▸ EXERCISE AIM:
Copy the listing that follows exactly. Its pictures do not belong in the copy.
◇ ◇ ◇ ◇
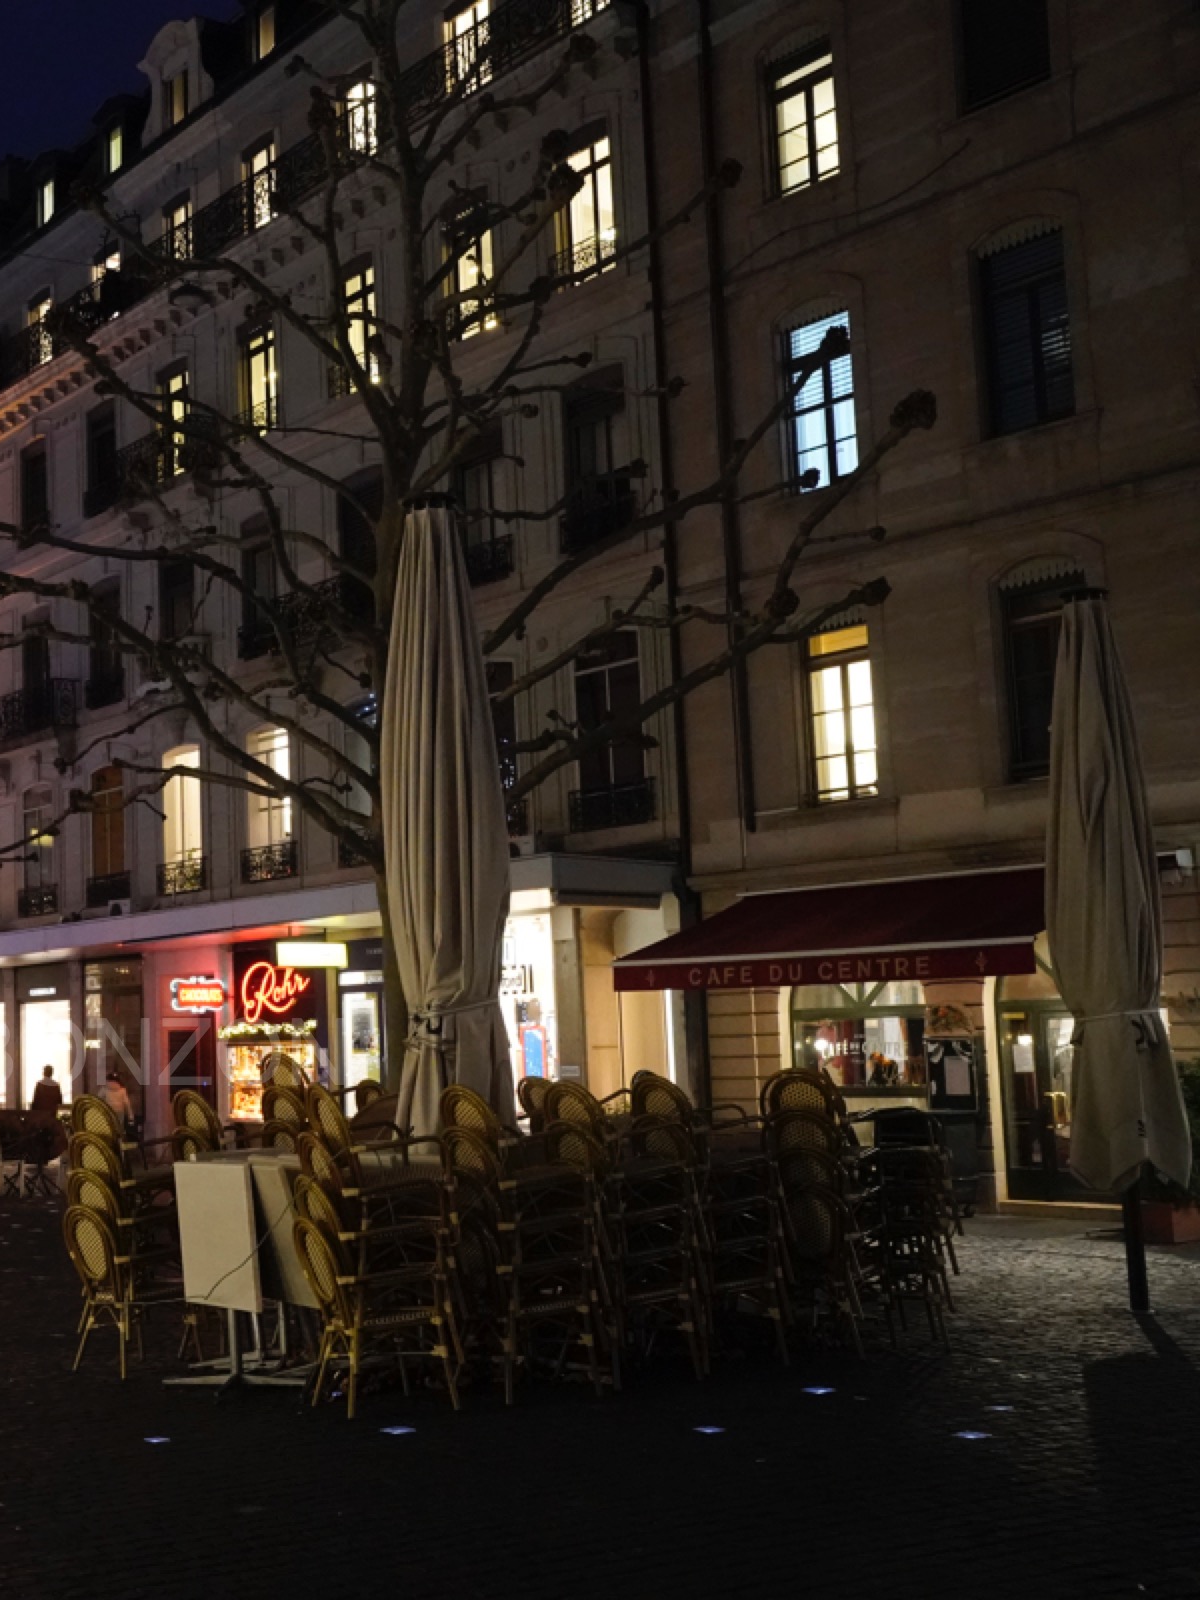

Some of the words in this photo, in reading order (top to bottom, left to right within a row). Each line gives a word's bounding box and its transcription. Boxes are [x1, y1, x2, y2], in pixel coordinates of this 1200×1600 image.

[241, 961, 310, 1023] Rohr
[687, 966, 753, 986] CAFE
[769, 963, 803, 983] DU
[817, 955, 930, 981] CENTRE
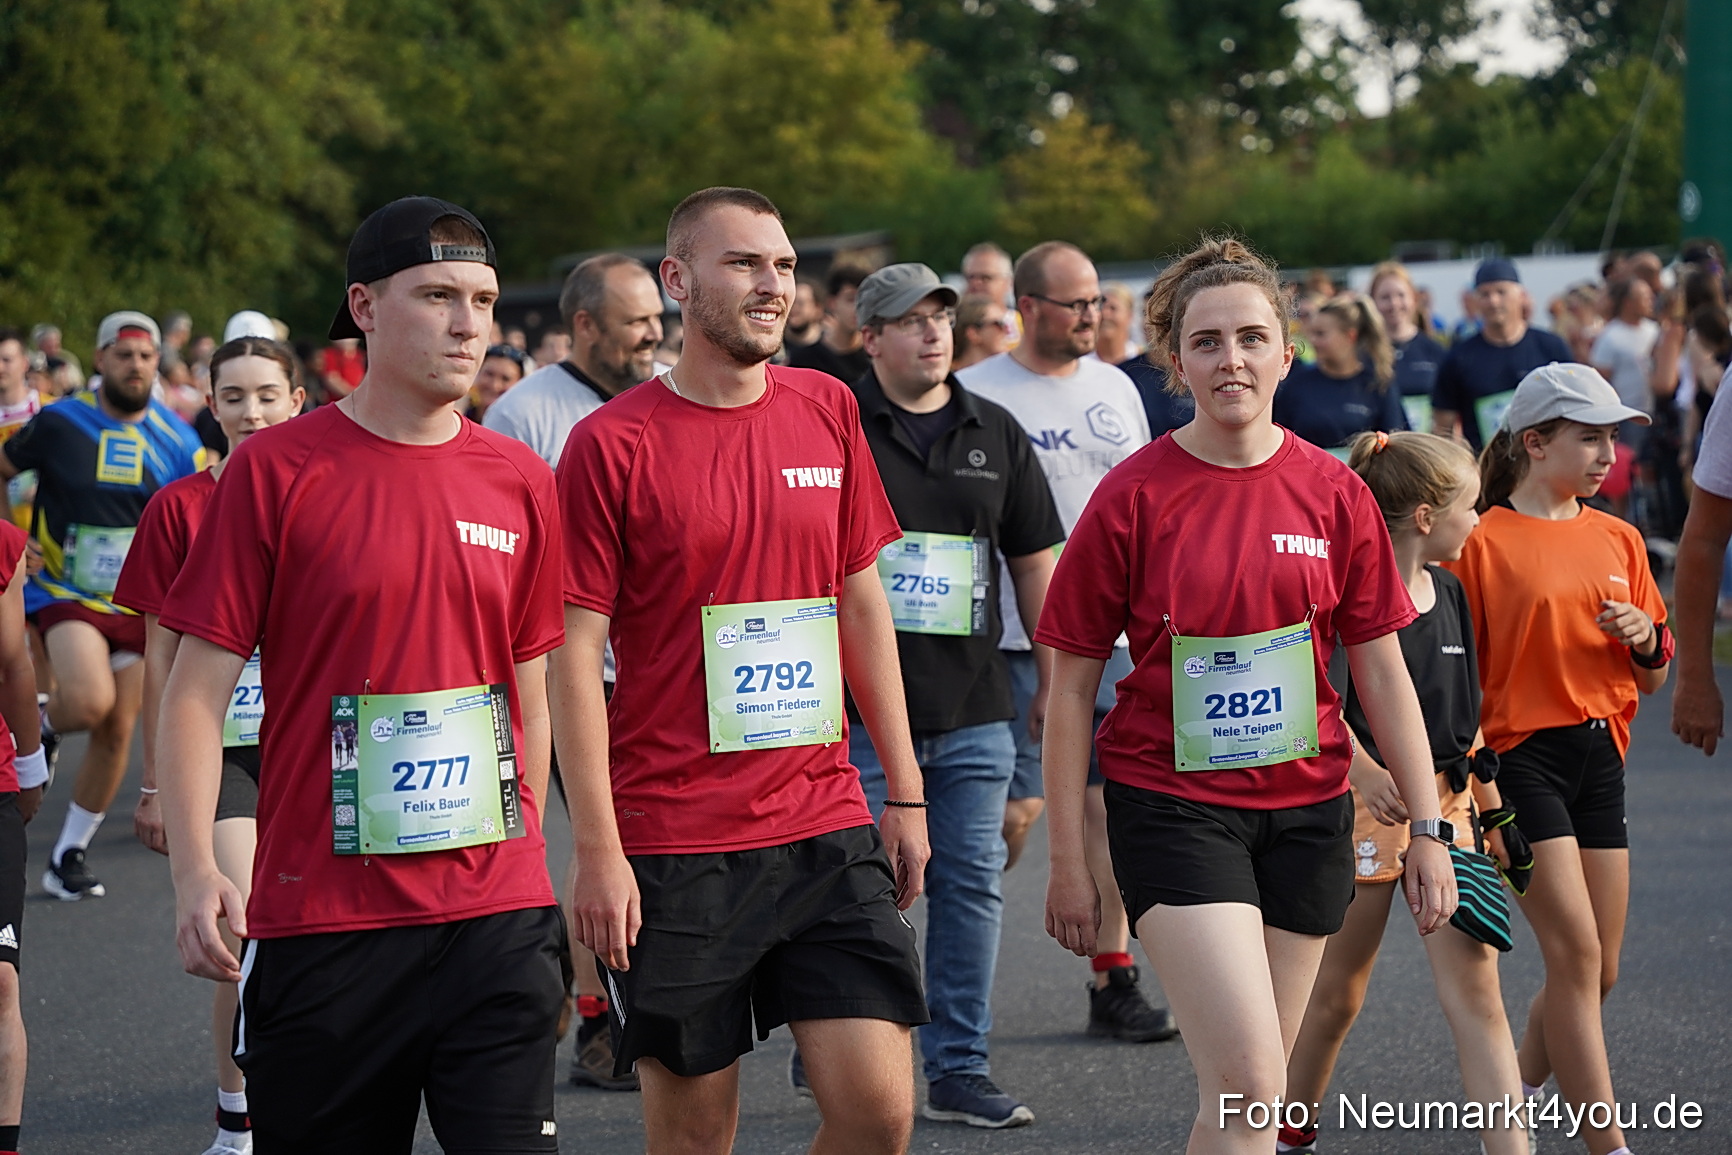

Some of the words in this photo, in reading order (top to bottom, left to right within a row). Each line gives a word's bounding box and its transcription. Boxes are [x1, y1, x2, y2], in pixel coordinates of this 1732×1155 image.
◇ ◇ ◇ ◇
▸ THE ANSWER:
Some of the words in this photo, in reading order (top to bottom, left to right within a row). Each line gives a word's bounding box and its transcription. Boxes are [x1, y1, x2, y2], in pixel coordinates of this 1200×1600 image.

[241, 961, 310, 1023] Rohr
[687, 966, 753, 986] CAFE
[769, 963, 803, 983] DU
[817, 955, 930, 981] CENTRE

Some of the words in this photo, in reading order (top to bottom, left to right within a row). Each line gives a word's bounding box and its transcription. Boxes are [x1, y1, x2, y2], in pixel coordinates of this 1732×1155 image.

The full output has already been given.